- **TASK DIRECTIONS**:
Your copy should match the records below word for word and contain no pictures.
==== EXTRACTED RECORDS ====
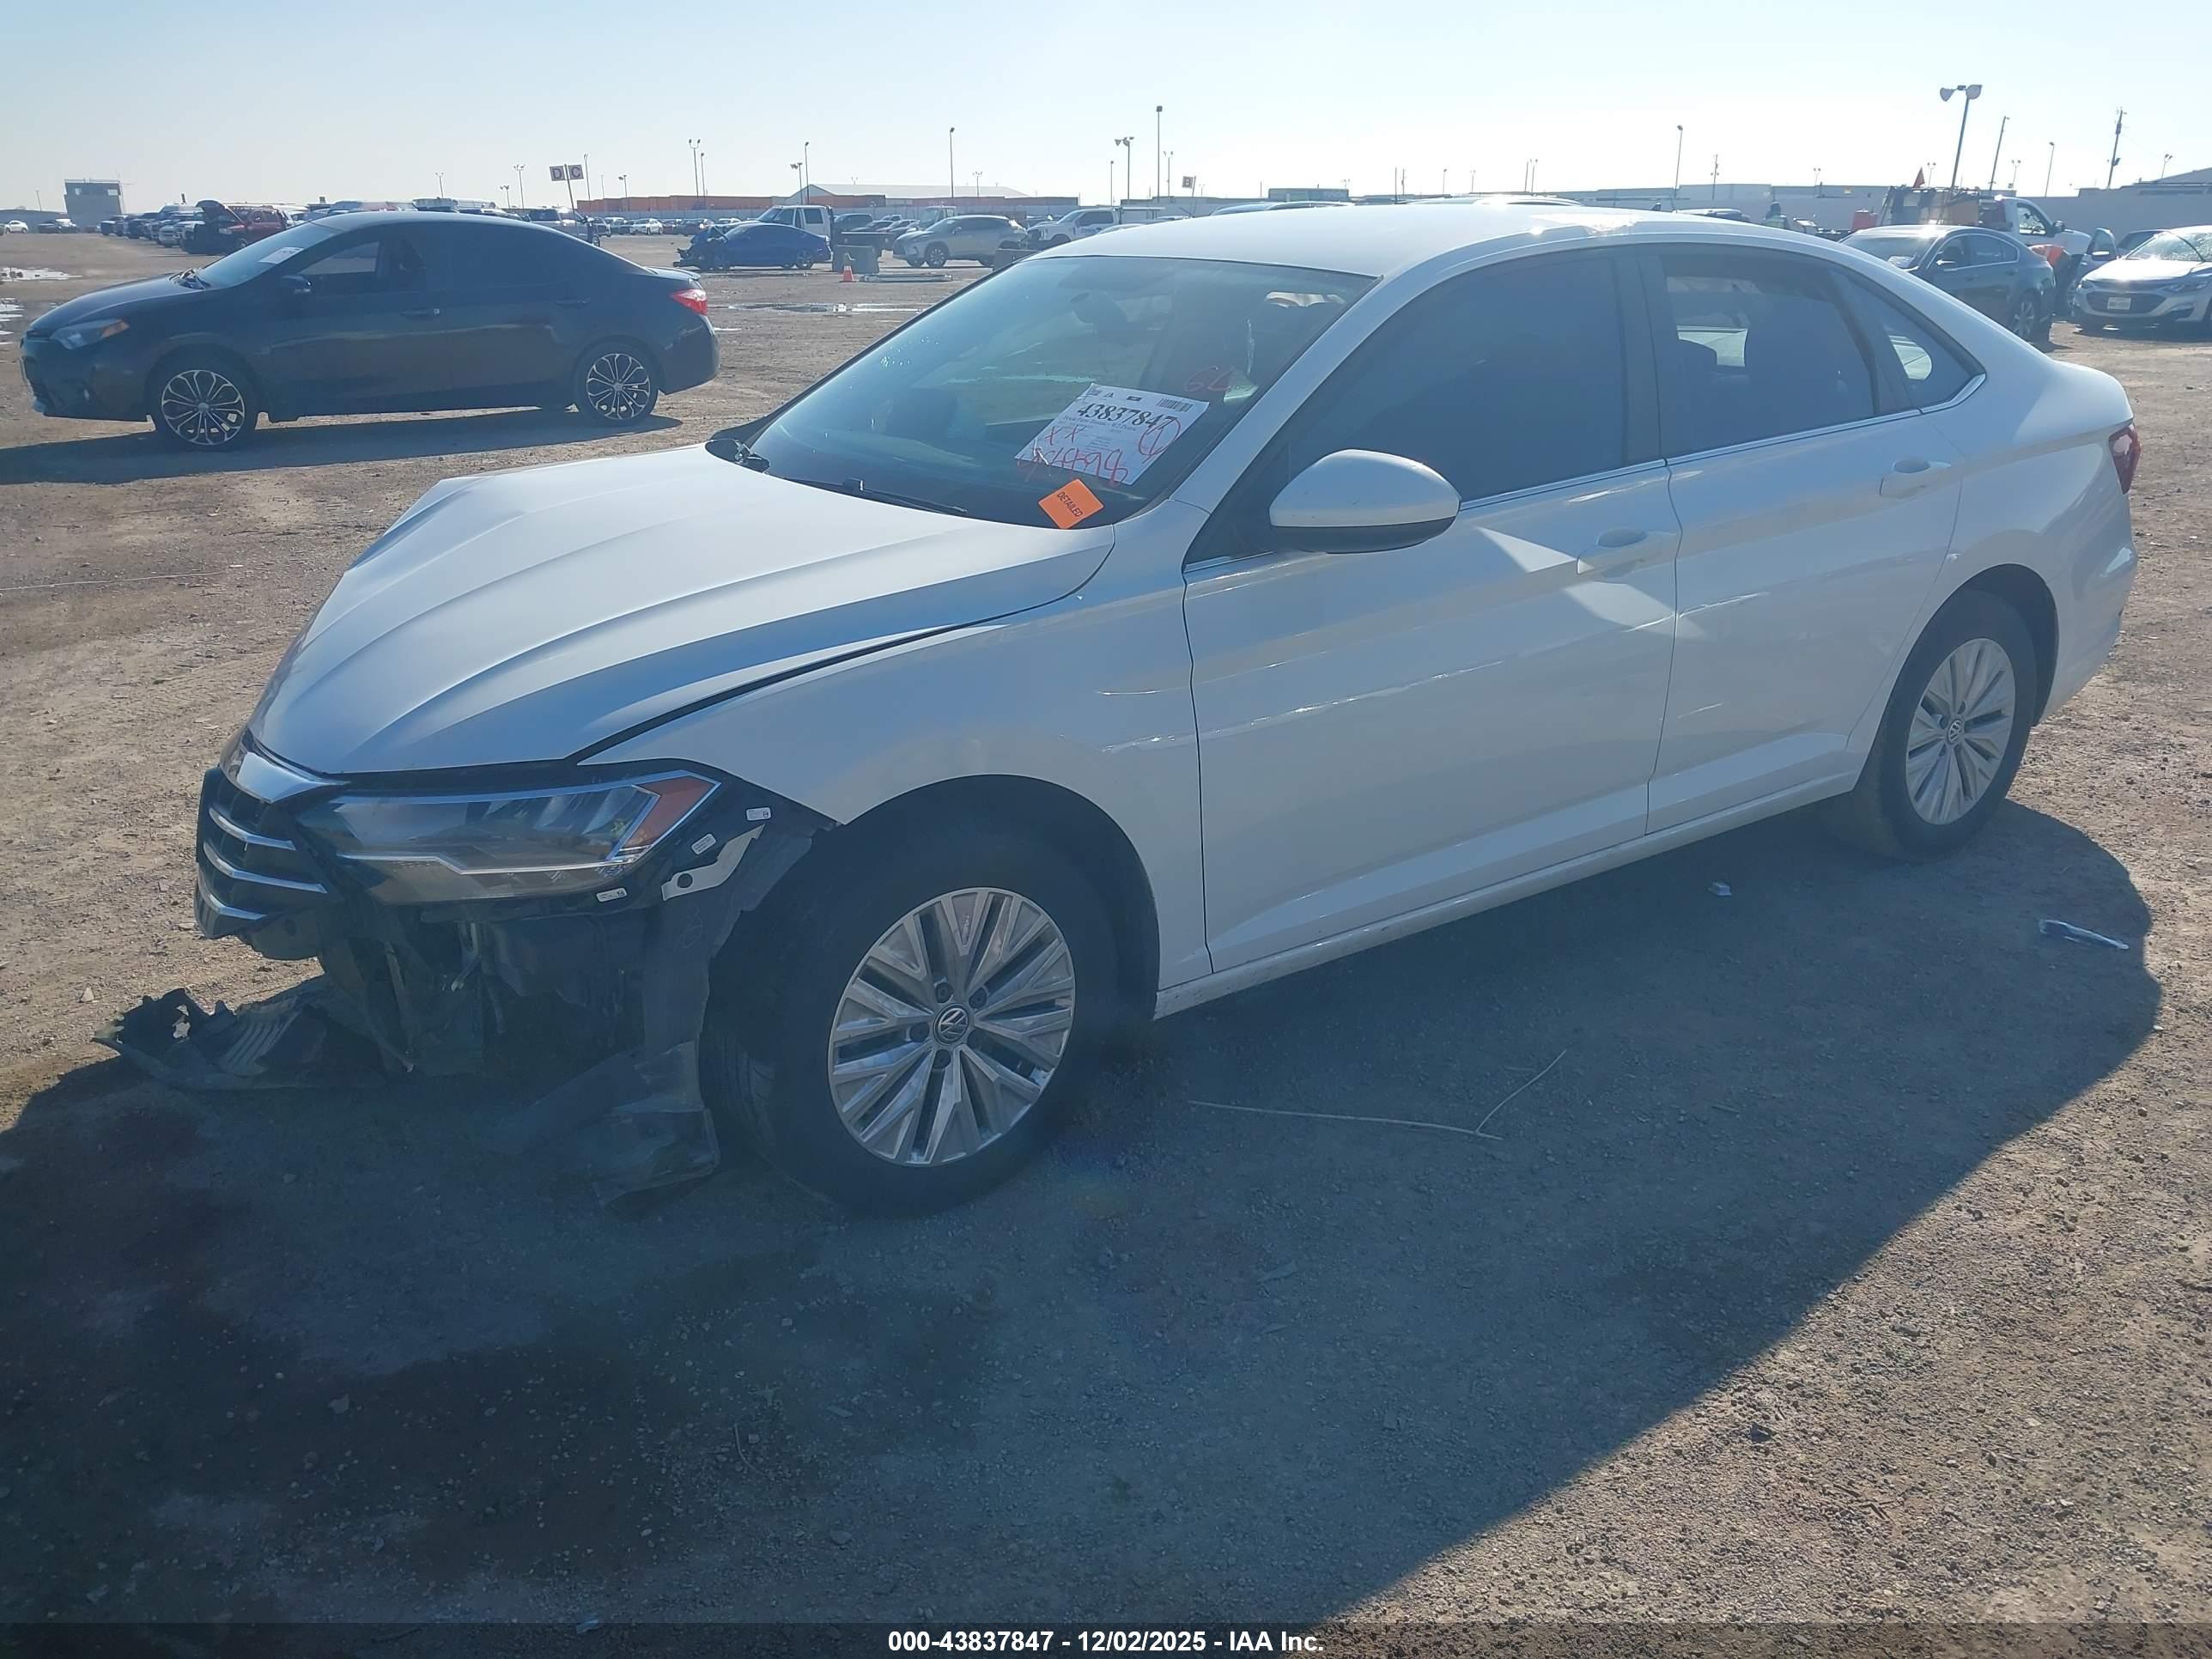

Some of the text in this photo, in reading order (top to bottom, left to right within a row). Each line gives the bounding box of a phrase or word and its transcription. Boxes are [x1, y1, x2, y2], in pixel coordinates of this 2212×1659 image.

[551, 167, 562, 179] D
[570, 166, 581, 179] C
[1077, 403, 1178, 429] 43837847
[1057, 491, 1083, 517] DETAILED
====
- **SOLUTION TO THE EXERCISE**:
Some of the text in this photo, in reading order (top to bottom, left to right within a row). Each line gives the bounding box of a phrase or word and its transcription. Boxes are [x1, y1, x2, y2], in pixel coordinates of this 2212×1659 image.

[551, 167, 562, 179] D
[570, 166, 581, 179] C
[1077, 403, 1178, 429] 43837847
[1057, 491, 1083, 517] DETAILED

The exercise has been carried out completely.